WHAT YOU HAVE TO DO »
Apart from the images, reproduce all of the data word for word.

INFORMATION GIVEN »
• • • •
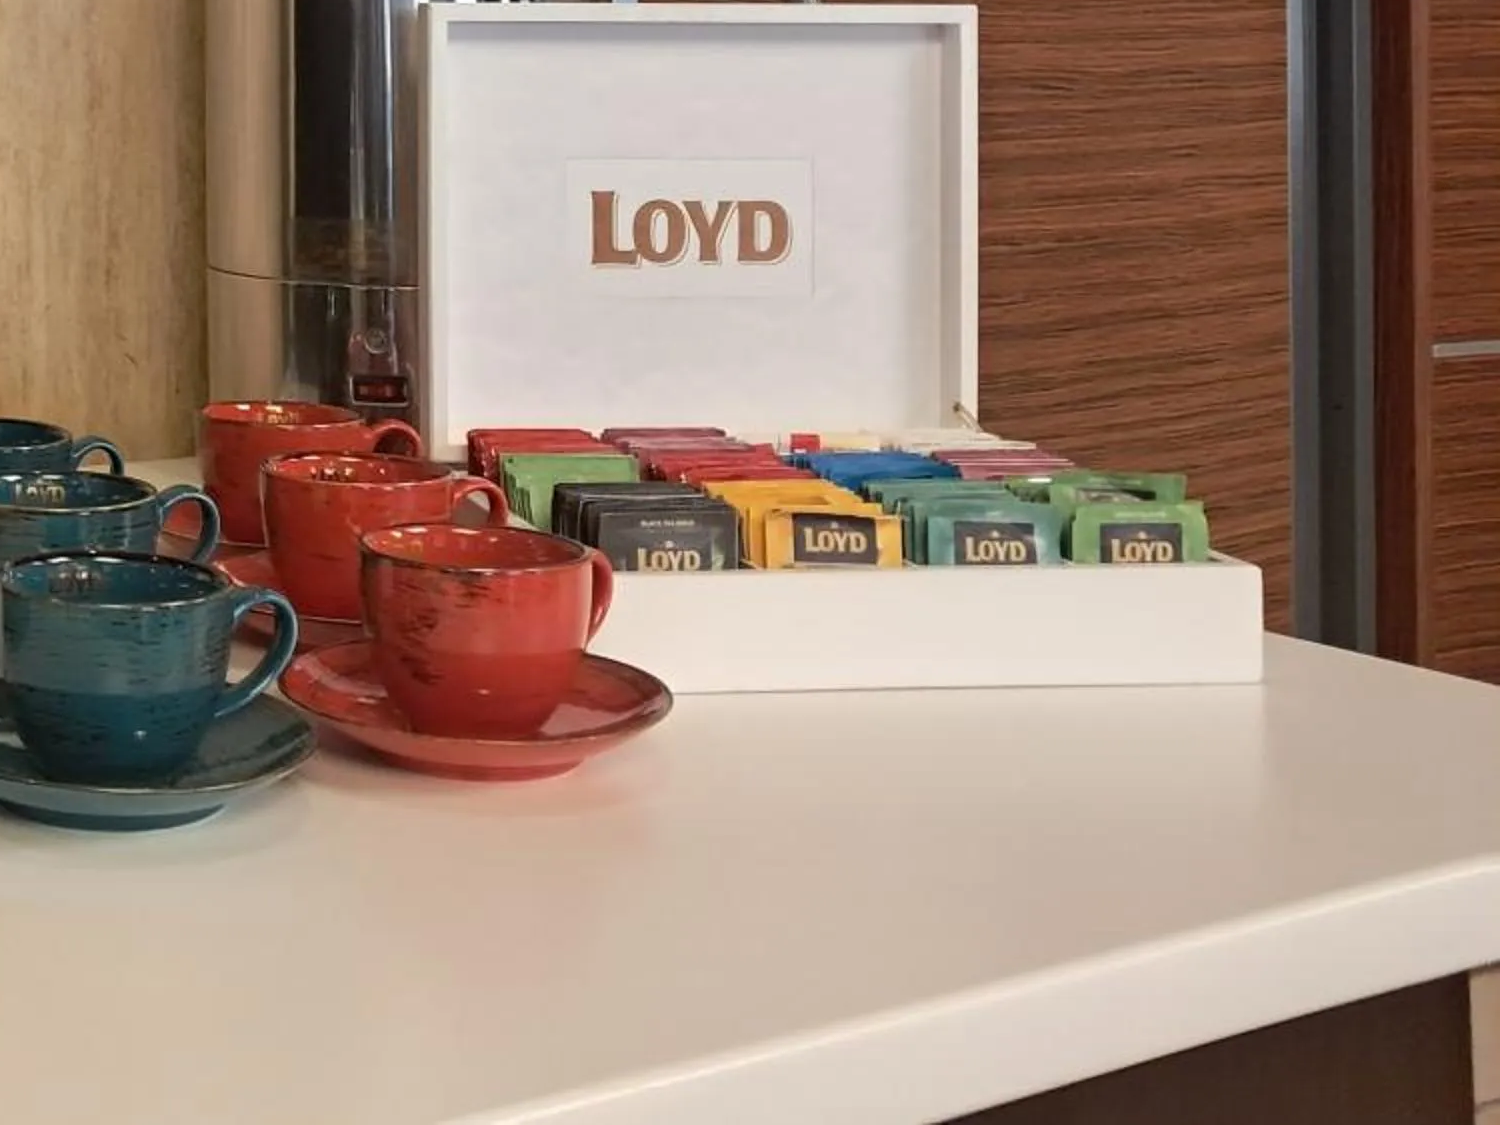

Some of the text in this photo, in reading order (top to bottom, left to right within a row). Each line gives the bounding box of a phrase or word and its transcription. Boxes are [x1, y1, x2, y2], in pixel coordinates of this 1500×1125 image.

[591, 190, 794, 269] LOYD
[804, 527, 867, 552] LOYD
[964, 535, 1027, 562] LOYD
[1111, 537, 1173, 563] LOYD
[637, 547, 700, 571] LOYD
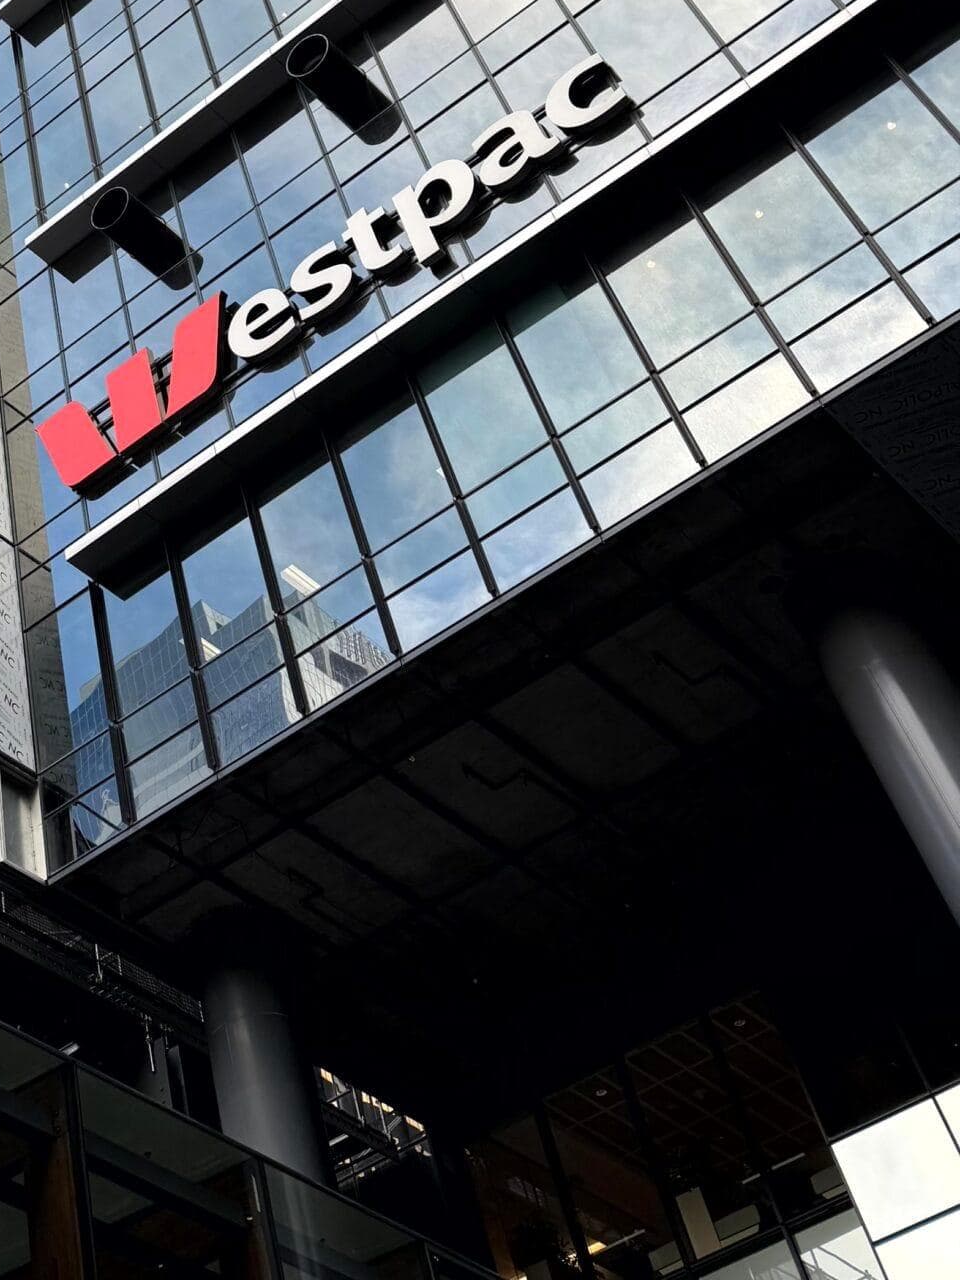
• • • •
REPLY »
Some of the text in this photo, in reading order (top to bottom, left to right within a row). Each line gives the bounding box of a phrase or word and its transcription. Boxes are [x1, y1, x2, y2], in pixel coordinates of this 1500×1125 image.

[591, 190, 794, 269] LOYD
[804, 527, 867, 552] LOYD
[964, 535, 1027, 562] LOYD
[1111, 537, 1173, 563] LOYD
[637, 547, 700, 571] LOYD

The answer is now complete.